Cleaning and sanitising (sanitizing for our American readers!) are word often used incorrectly to describe the same thing. You can clean without and sanitising and you can also sanitise something without cleaning.
In most cases, especially areas of your home such as kitchens and bathrooms that can be home to high levels of pathogens you need to be cleaning AND santising to ensure you have a safe, healthy and pleasant environment.
To put it simply: Cleaning is the process of removing visible dirt, residue, debris or any unwanted items from somewhere or something. When you wipe up split milk from a table top you are cleaning. IE removing most of the milk from where you don't want it to be however it is worth noting that you are not necessarily removing or eliminating pathogens and micro-organisms such as bacteria. viruses and amoeba
Sanitising or disinfecting is the process of removing, destroying or denaturing these micro organisms. Contrary to what you might think it is possible to sanitise without cleaning. using an alcohol hand gel on muddy hands is a good example. Where the gel may kill or denature the harmful bacteria in to soil on your hands it doesn't actively remove the dirt itself. So you can have muddy hands that are not carrying any or at least not many germs.

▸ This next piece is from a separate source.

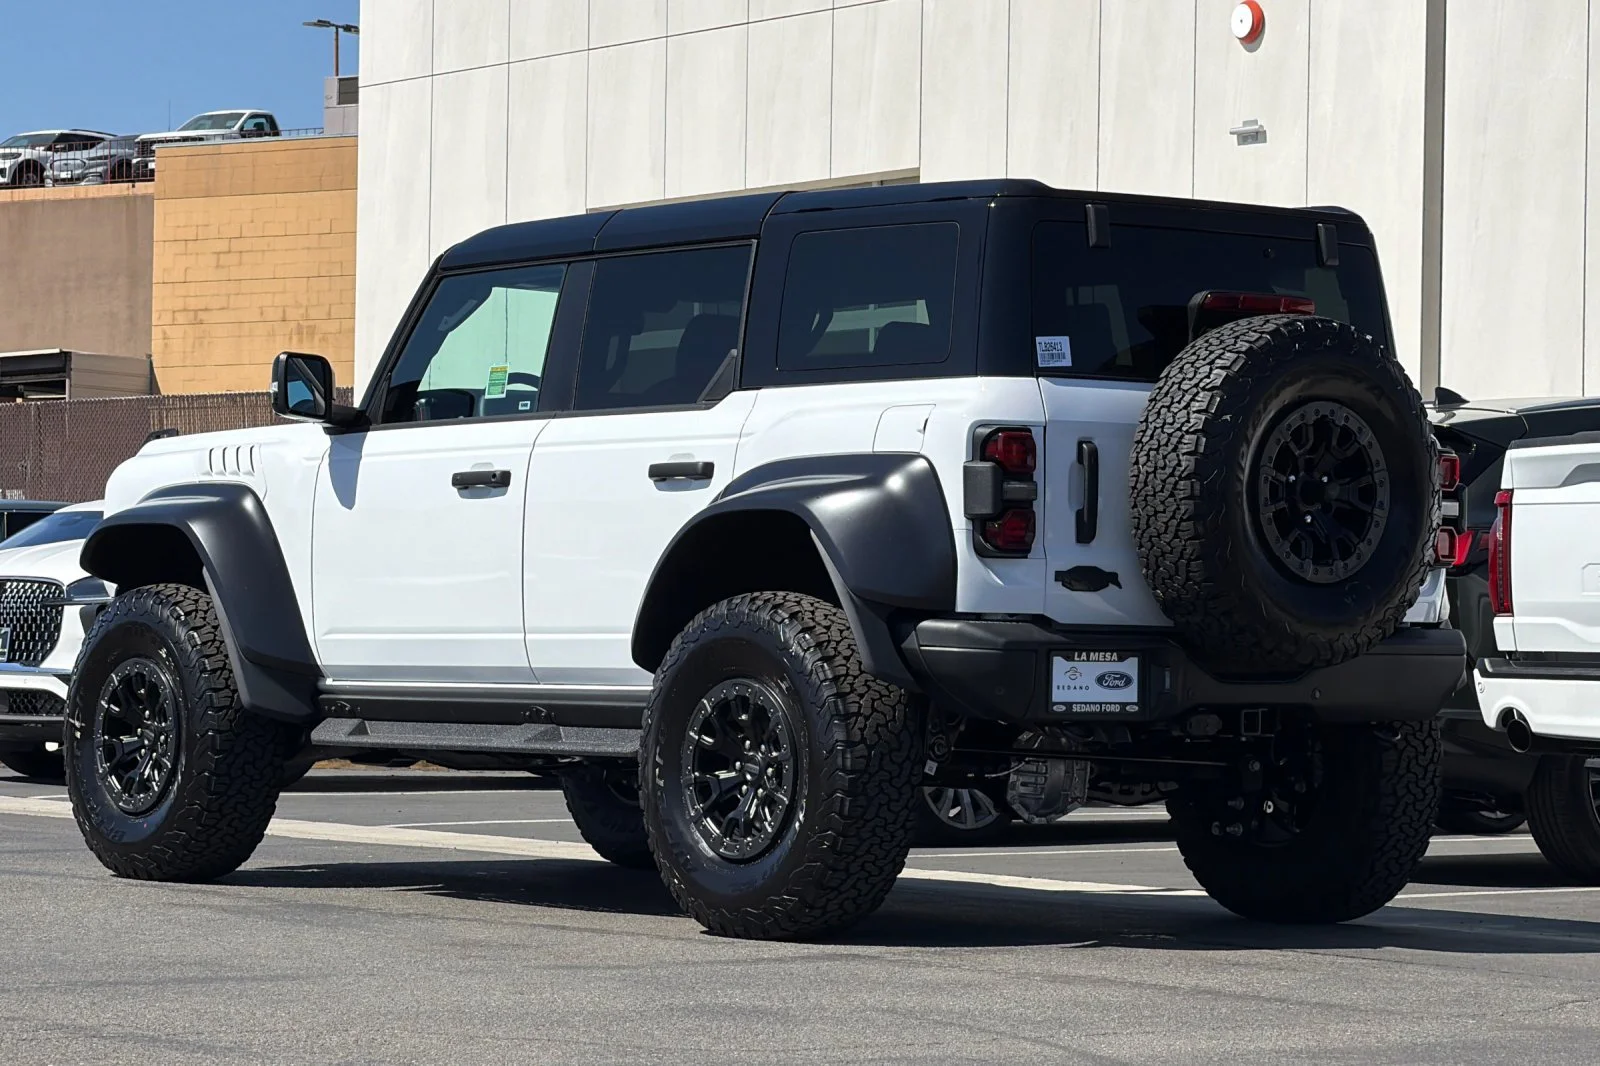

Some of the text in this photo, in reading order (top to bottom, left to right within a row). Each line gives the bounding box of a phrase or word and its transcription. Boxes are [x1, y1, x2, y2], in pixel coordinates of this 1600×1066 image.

For Proper deep home cleaning you should follow a process that is simply: Clean and then Sanitise. In high risk areas such as kitchens you will first clean all surfaces with a soap type cleaner and remove all visible dirt and stains and tidy up any mess. Once the surfaces are completely clear to the eye you should apply an antibacterial cleaning product to kill any remaining pathogens and micro organisms. Most hard surfaces like kitchen tops then need cleaning to remove any residue of the cleaning products to avoid any streaks or watermarks and leave you with a gleaming, clean surface that you could eat off.